Ugh. Unfortunately all you can really do is continue to go no contact, maybe apologize in advance to any mutual friends you may have "Just FYI Sharon is no longer in my life, i'm sorry if you've heard from her" and wait until she tires herself out.

The thing you do want to be ready for is to tell her to fuck herself when she inevitably comes back seeking your forgiveness. It won't be long- the less you entertain it and let it bother you.

level 2
Original Poster3 points · 3 years ago

I really need to stop fantasizing about the telling her to go fuck herself part lol

level 3

LOL as hard as it is- yea you gotta let that go hahaha.

She's doing this because she's desperate to get a reaction, but if you don't react (like at all) she'll get the message that you don't give a shit way sooner. Plus, if you don't engage, she's just embarrassing herself. It's not 'the two of you fighting' it's just her slamming her head into a brick wall for the whole world to see, and everyone will see her for the shitty person she is.

Stay classy/ stay out of it. Best way to go.

level 1

Man, she's so self-centered that it almost feels unreal.

I would tell your friends and family what's up. I hope her brother gets it. Don't engage with her. She hopefully will tire herself of this.

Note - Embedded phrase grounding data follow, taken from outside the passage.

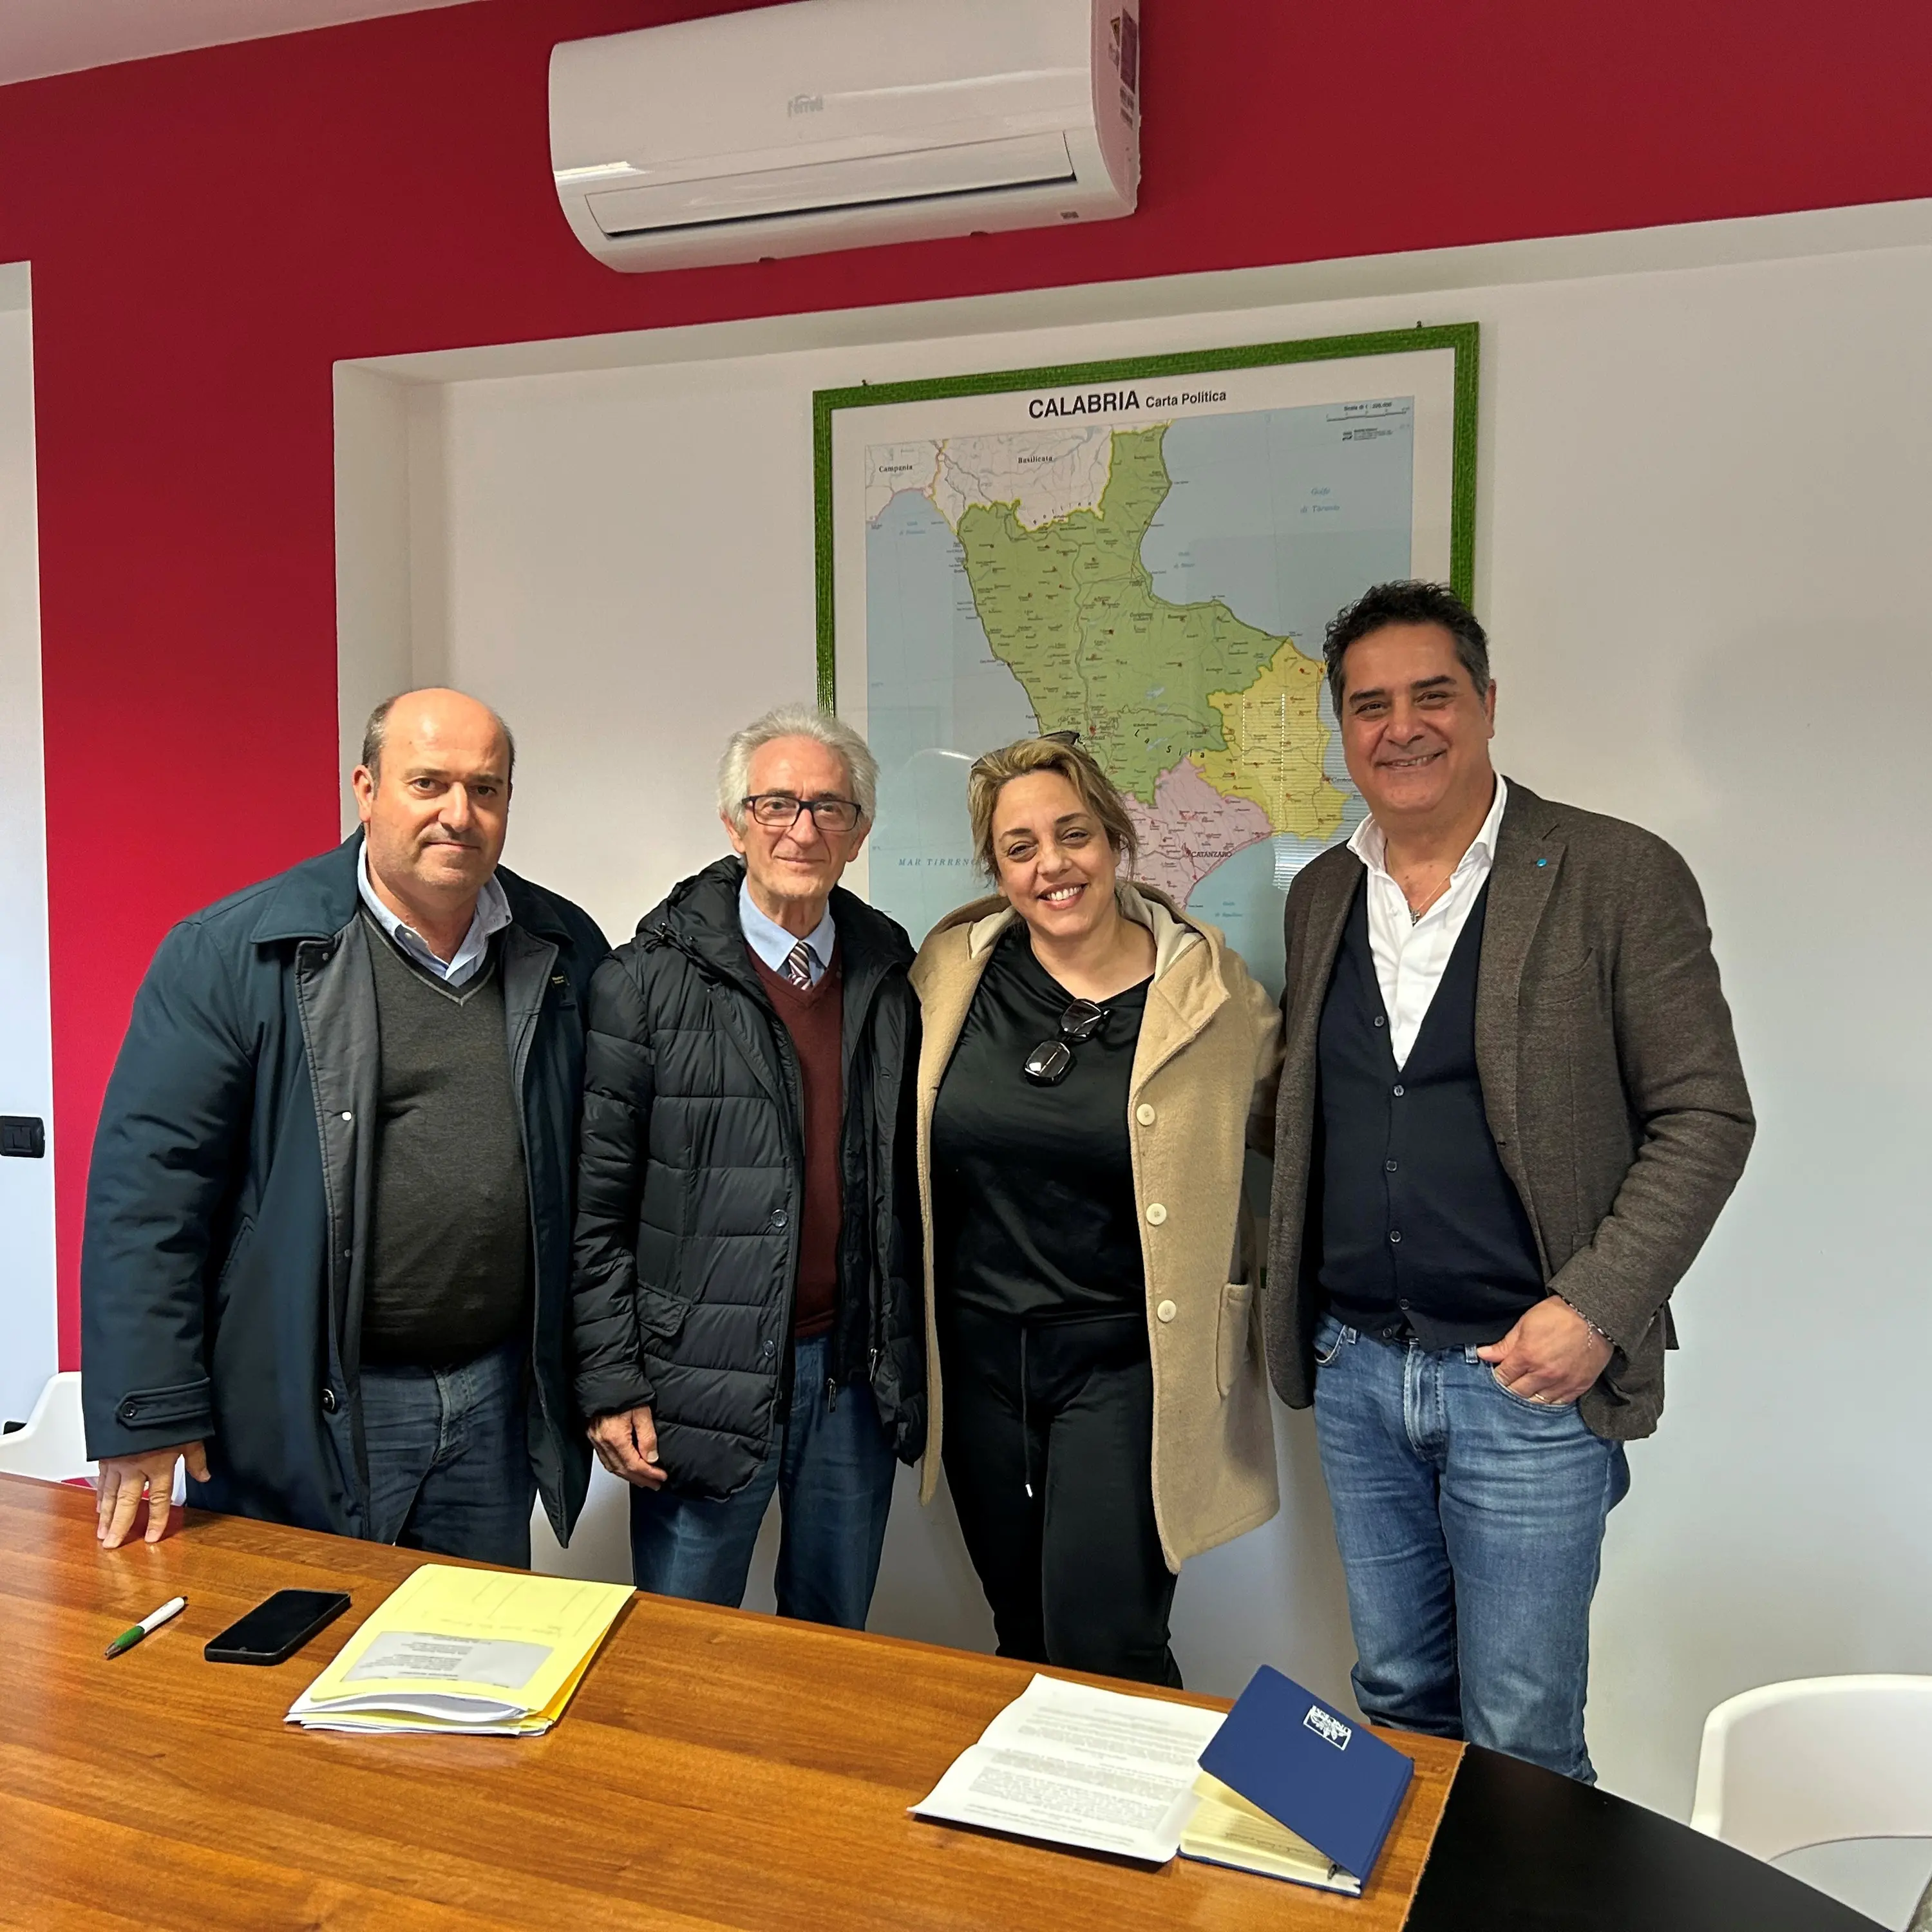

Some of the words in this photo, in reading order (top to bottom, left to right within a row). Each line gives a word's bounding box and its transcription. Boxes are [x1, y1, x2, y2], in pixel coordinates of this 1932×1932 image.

[1028, 390, 1140, 419] CALABRIA
[1146, 395, 1178, 408] Carta
[1181, 390, 1226, 405] Politica
[879, 464, 913, 473] Campania
[899, 858, 921, 866] MAR

Save her messages and such in case you need a restraining order, but I hope she just bores herself of you and goes about her life.

level 1
4 points · 3 years ago

The best way to handle this woman is to stop feeding the troll. Don't react to her texts, emails, etc. Tell her Brother and SIL who you are still friends with that you've done this, and you don't wish to have any interactions, or even hear mention of her. You're sorry if this causes difficulty for them, they're important to you, but you can't deal with HER. Make a post on Social media telling your family and friends that you've excluded this toxic person from your life, and you recommend that if she attempts to message or friend them, they ignore.

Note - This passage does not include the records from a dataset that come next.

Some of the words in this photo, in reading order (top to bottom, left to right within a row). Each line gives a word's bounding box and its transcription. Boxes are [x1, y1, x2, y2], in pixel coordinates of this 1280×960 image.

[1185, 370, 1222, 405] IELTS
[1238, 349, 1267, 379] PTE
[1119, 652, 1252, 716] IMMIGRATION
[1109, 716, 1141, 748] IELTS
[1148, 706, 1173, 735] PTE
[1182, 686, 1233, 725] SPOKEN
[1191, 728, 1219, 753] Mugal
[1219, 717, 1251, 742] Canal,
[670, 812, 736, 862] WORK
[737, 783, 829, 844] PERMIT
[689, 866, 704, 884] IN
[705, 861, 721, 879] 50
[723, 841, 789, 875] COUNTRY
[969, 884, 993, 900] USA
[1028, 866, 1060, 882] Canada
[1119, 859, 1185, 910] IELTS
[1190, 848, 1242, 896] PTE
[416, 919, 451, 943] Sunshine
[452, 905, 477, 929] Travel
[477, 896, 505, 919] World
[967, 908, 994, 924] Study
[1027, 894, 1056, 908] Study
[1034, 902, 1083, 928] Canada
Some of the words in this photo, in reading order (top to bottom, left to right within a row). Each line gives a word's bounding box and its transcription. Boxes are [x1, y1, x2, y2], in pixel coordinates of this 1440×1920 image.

You have to be like a great stone wall - nothing she says or does gets past. If she continues to try, you can also send her a certified letter that says any continued attempts on her part to harass you or your friends and family will be reported to the police.

level 2
Original Poster2 points · 3 years ago

The stone walling gets hard. I've been trying to limit the info I get about her and what she's saying, but sometimes her brother asks for clarification on something she's told him. He knows she's crazy, but I feel bad for not reassuring him.

level 2

OK- posting on social media about how you're breaking off from her is definitely, Definitely feeding the troll

level 3

A simple one time post to family and friends saying you're sorry if she contact them, you've made it VERY clear that you don't want anything to do with her, but you've been told she's been getting in touch with people. You give other people the heads up on what's going on. If they then choose to accept her friend request, there's nothing you can do to stop it. But you can decide if those people need to be locked down as well. It's simply the easiest way of letting people know the situation, and apologizing that she's trying to involve them in it.

level 1

Oh nan, i remember your post about pressure points--and didnt you make another one about the cat? Anyway it's GREAT to hear you got away from the guy who was fucki g up your neck. I hope it's improved.

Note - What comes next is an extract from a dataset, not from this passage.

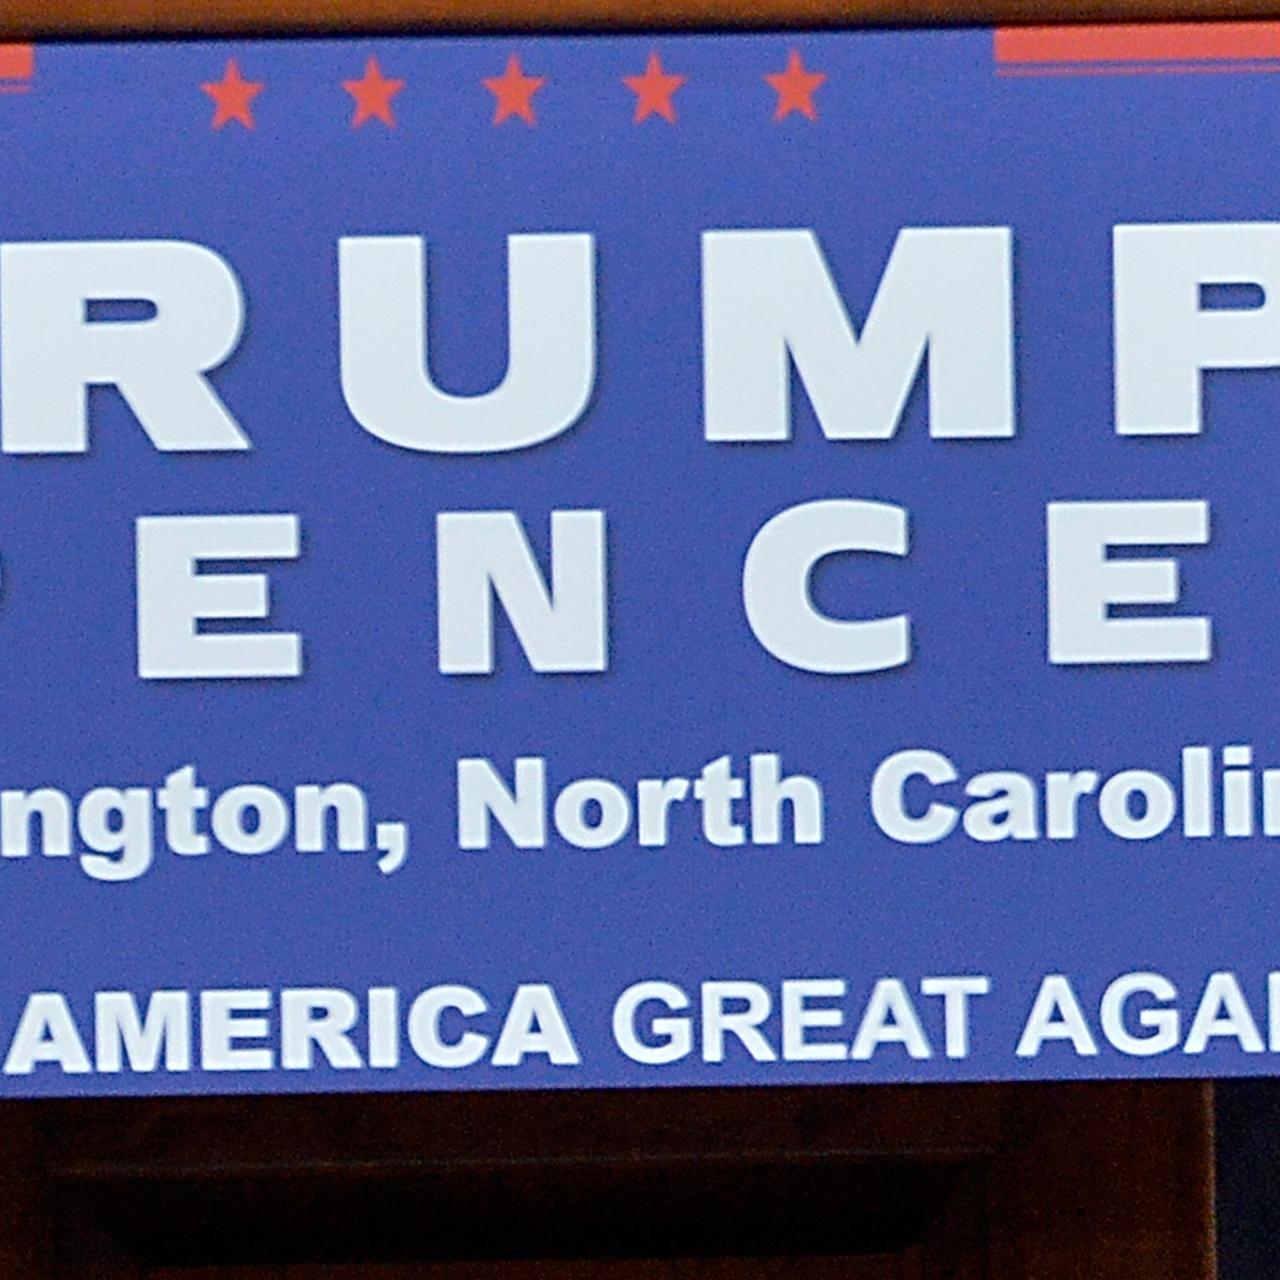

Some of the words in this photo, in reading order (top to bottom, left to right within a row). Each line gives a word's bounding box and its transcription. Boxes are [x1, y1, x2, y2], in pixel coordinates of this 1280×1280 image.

Aa for your ex friend, ignooore. Focus on strengthening the relationships with your other friends. Enjoy them. Maintain your support system. No matter what your ex friend is saying, showing yourself to your other friends as the nice one and pleasant one will make them favor you over her.

I know you're tired, but if you neglect your friendships, they can whither or be taken from you.

I would tell ex friend's brother that you don't want to hear about her. Tell him you are grieving and don't have the energy to deal with her drama. Make him feel too guilty to keep rubbing it in your face. Talk to him about other things, low stress mucking about stuff.